MALARIA CONTROL: Scientists recommend bed-net modifications to block mosquitos
It has been confirmed that two mosquito species spreading malaria - anopheles funestus and anopheles arabiensis – can penetrate some treated and untreated bed nets. Now, Ifakara Health Institute scientists recommend modifications to the bed net – a tool widely used in malaria endemic countries to control the disease.
Meanwhile, recent studies found the funestus species with “a high ability to penetrate all nets types compared to the other species. After learning this, scientists have also cautioned on the ability of this species to penetrate even intact nets, saying this could be an additional risk for sustained malaria transmission across Africa.
“This phenomenon signals an alarming situation for malaria mosquito control efforts that heavily relies on the use of LLINs (long-lasting insecticide-treated nets), which its ability to prevent mosquito bites that exceed 80% come from the physical barrier and integrity,” the scientists pointed out in the study published the Wellcome Open Research journal.
Fact confirmed after over 20 years of research
Ifakara scientists who contributed to the study include Felician Meza, Letus Muyaga, Alex Limwagu and Dickson Lwetoijera.
They carried out experiments inside a semi-field system (SFS) of the Ifakara Health Institute located at Kining’ina village in Kilombero Valley, southern Tanzania where a notable scale-up of long-lasting insecticide-treated nets coverage was made over the past two decades.
From the study findings, the two-mosquito species could penetrate treated and untreated bed nets and contact their preferred host due to their small size which is relative to net mesh hole sizes. For this reason, the scientists recommended modifications to the bed nets.
The current net-mesh limitations
“This study highlights the limitation of current net-mesh size in offering biting proof against A. funestus and A. arabiensis, the dominant malaria vector. The findings point out the importance of considering future modifications of mesh sizes that offer complete bite protection by preventing mosquitoes to penetrate the net without compromising ventilation.”

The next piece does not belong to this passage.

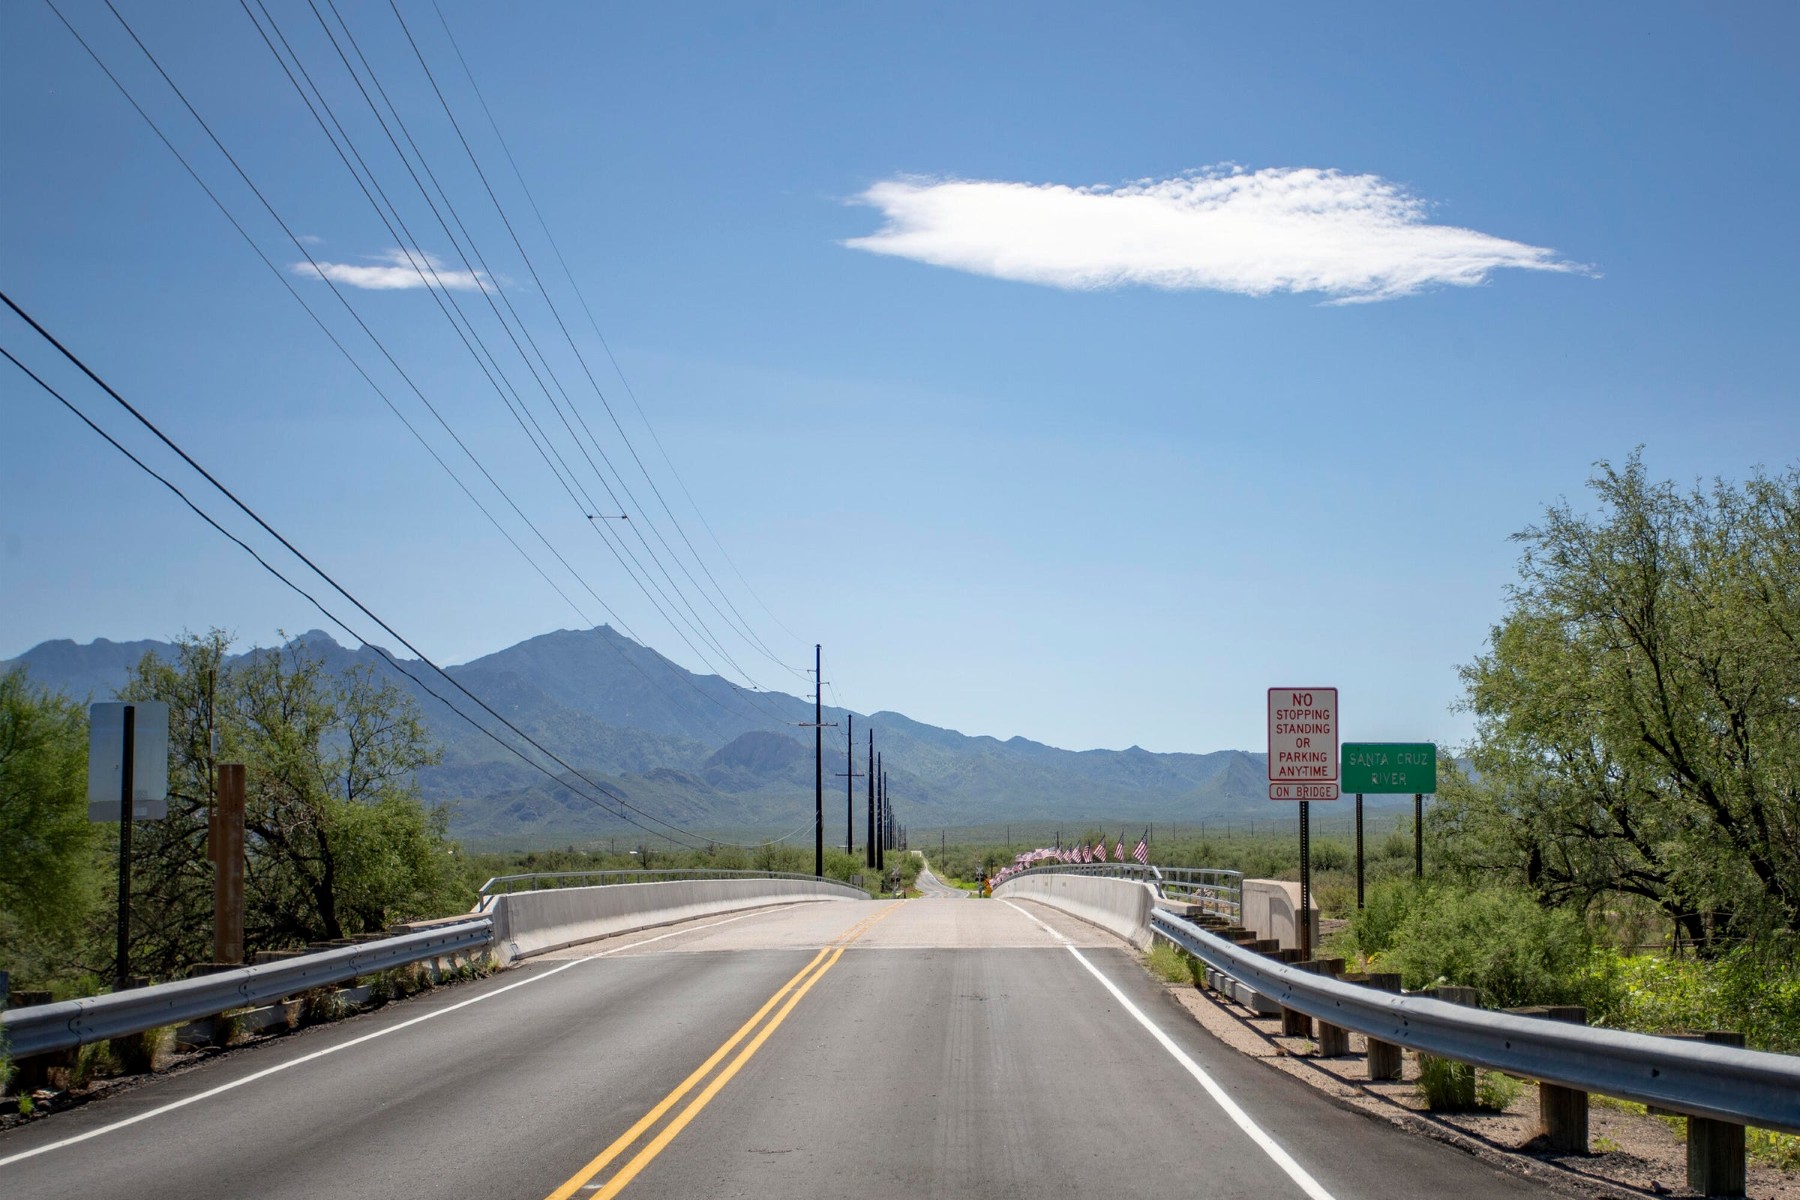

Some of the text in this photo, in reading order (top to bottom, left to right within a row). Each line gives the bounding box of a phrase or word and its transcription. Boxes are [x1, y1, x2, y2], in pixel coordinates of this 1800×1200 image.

Additionally, the scientists also acknowledged that the ability of the two species to feed successfully on human volunteers during the study could result in noticeable effects on malaria transmission across mosquito populations in real-life settings.
“Although the number of both mosquito species that penetrated the nets was relatively low, the fact that the majority that did successfully blood fed on the volunteers, its effect on malaria transmission is likely to be noticeable if these numbers are magnified across mosquito populations under real-life settings.”